### TASK PROMPT
Starting at the first line and ending at the last, reproduce the records below exactly.
AVAILABLE DATA START
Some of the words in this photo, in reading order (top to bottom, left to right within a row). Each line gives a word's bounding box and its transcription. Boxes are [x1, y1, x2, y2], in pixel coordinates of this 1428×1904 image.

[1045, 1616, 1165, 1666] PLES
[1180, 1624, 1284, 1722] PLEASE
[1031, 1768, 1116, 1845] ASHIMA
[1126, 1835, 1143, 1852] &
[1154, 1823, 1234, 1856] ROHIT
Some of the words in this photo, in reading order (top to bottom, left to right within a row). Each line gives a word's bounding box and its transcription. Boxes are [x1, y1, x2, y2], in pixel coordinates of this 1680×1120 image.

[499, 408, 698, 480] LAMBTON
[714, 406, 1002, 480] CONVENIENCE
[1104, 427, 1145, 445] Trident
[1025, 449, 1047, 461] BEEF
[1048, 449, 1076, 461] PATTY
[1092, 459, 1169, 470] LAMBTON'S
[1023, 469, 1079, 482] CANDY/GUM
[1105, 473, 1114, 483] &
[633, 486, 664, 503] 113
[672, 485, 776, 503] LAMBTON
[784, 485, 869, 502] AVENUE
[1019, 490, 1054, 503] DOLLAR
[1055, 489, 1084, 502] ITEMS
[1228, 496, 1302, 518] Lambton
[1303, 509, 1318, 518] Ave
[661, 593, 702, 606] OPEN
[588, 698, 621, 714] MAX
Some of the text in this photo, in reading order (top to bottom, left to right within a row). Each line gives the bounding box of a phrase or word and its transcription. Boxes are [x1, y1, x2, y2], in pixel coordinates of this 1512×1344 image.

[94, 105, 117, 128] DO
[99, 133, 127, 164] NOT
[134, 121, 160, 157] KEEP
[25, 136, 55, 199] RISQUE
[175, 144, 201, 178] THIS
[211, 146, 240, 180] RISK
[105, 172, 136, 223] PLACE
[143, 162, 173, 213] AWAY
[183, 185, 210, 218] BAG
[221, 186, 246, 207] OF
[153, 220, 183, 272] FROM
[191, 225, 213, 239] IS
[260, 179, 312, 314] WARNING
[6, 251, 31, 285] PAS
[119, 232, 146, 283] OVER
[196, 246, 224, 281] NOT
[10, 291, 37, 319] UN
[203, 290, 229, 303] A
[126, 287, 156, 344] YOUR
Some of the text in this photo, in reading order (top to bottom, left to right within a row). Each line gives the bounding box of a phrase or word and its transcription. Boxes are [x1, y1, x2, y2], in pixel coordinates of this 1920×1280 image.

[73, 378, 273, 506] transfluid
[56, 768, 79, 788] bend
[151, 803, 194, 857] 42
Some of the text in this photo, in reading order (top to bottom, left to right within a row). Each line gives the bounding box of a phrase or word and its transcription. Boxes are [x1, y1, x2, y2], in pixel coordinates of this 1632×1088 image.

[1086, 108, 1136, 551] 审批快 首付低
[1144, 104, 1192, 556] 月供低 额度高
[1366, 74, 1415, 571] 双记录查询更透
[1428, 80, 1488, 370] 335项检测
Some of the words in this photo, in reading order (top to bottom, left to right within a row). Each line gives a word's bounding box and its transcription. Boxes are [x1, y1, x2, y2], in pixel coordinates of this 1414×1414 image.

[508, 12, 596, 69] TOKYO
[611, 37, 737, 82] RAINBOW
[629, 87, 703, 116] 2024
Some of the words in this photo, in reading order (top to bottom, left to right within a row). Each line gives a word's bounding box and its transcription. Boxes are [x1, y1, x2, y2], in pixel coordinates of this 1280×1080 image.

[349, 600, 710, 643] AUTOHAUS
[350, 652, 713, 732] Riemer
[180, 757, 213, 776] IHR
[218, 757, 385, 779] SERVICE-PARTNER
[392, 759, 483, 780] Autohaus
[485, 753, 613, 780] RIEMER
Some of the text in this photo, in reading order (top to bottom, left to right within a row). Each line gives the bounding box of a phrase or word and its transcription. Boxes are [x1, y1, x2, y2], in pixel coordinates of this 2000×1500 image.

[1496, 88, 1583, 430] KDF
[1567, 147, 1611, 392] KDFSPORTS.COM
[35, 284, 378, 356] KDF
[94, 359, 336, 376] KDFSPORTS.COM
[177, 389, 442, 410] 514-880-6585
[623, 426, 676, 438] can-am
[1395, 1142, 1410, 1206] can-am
AVAILABLE DATA END
### ANSWER TO THIS PROBLEM
Some of the words in this photo, in reading order (top to bottom, left to right within a row). Each line gives a word's bounding box and its transcription. Boxes are [x1, y1, x2, y2], in pixel coordinates of this 1428×1904 image.

[1045, 1616, 1165, 1666] PLES
[1180, 1624, 1284, 1722] PLEASE
[1031, 1768, 1116, 1845] ASHIMA
[1126, 1835, 1143, 1852] &
[1154, 1823, 1234, 1856] ROHIT
Some of the words in this photo, in reading order (top to bottom, left to right within a row). Each line gives a word's bounding box and its transcription. Boxes are [x1, y1, x2, y2], in pixel coordinates of this 1680×1120 image.

[499, 408, 698, 480] LAMBTON
[714, 406, 1002, 480] CONVENIENCE
[1104, 427, 1145, 445] Trident
[1025, 449, 1047, 461] BEEF
[1048, 449, 1076, 461] PATTY
[1092, 459, 1169, 470] LAMBTON'S
[1023, 469, 1079, 482] CANDY/GUM
[1105, 473, 1114, 483] &
[633, 486, 664, 503] 113
[672, 485, 776, 503] LAMBTON
[784, 485, 869, 502] AVENUE
[1019, 490, 1054, 503] DOLLAR
[1055, 489, 1084, 502] ITEMS
[1228, 496, 1302, 518] Lambton
[1303, 509, 1318, 518] Ave
[661, 593, 702, 606] OPEN
[588, 698, 621, 714] MAX
Some of the text in this photo, in reading order (top to bottom, left to right within a row). Each line gives the bounding box of a phrase or word and its transcription. Boxes are [x1, y1, x2, y2], in pixel coordinates of this 1512×1344 image.

[94, 105, 117, 128] DO
[99, 133, 127, 164] NOT
[134, 121, 160, 157] KEEP
[25, 136, 55, 199] RISQUE
[175, 144, 201, 178] THIS
[211, 146, 240, 180] RISK
[105, 172, 136, 223] PLACE
[143, 162, 173, 213] AWAY
[183, 185, 210, 218] BAG
[221, 186, 246, 207] OF
[153, 220, 183, 272] FROM
[191, 225, 213, 239] IS
[260, 179, 312, 314] WARNING
[6, 251, 31, 285] PAS
[119, 232, 146, 283] OVER
[196, 246, 224, 281] NOT
[10, 291, 37, 319] UN
[203, 290, 229, 303] A
[126, 287, 156, 344] YOUR
Some of the text in this photo, in reading order (top to bottom, left to right within a row). Each line gives the bounding box of a phrase or word and its transcription. Boxes are [x1, y1, x2, y2], in pixel coordinates of this 1920×1280 image.

[73, 378, 273, 506] transfluid
[56, 768, 79, 788] bend
[151, 803, 194, 857] 42
Some of the text in this photo, in reading order (top to bottom, left to right within a row). Each line gives the bounding box of a phrase or word and its transcription. Boxes are [x1, y1, x2, y2], in pixel coordinates of this 1632×1088 image.

[1086, 108, 1136, 551] 审批快 首付低
[1144, 104, 1192, 556] 月供低 额度高
[1366, 74, 1415, 571] 双记录查询更透
[1428, 80, 1488, 370] 335项检测
Some of the words in this photo, in reading order (top to bottom, left to right within a row). Each line gives a word's bounding box and its transcription. Boxes are [x1, y1, x2, y2], in pixel coordinates of this 1414×1414 image.

[508, 12, 596, 69] TOKYO
[611, 37, 737, 82] RAINBOW
[629, 87, 703, 116] 2024
Some of the words in this photo, in reading order (top to bottom, left to right within a row). Each line gives a word's bounding box and its transcription. Boxes are [x1, y1, x2, y2], in pixel coordinates of this 1280×1080 image.

[349, 600, 710, 643] AUTOHAUS
[350, 652, 713, 732] Riemer
[180, 757, 213, 776] IHR
[218, 757, 385, 779] SERVICE-PARTNER
[392, 759, 483, 780] Autohaus
[485, 753, 613, 780] RIEMER
Some of the text in this photo, in reading order (top to bottom, left to right within a row). Each line gives the bounding box of a phrase or word and its transcription. Boxes are [x1, y1, x2, y2], in pixel coordinates of this 2000×1500 image.

[1496, 88, 1583, 430] KDF
[1567, 147, 1611, 392] KDFSPORTS.COM
[35, 284, 378, 356] KDF
[94, 359, 336, 376] KDFSPORTS.COM
[177, 389, 442, 410] 514-880-6585
[623, 426, 676, 438] can-am
[1395, 1142, 1410, 1206] can-am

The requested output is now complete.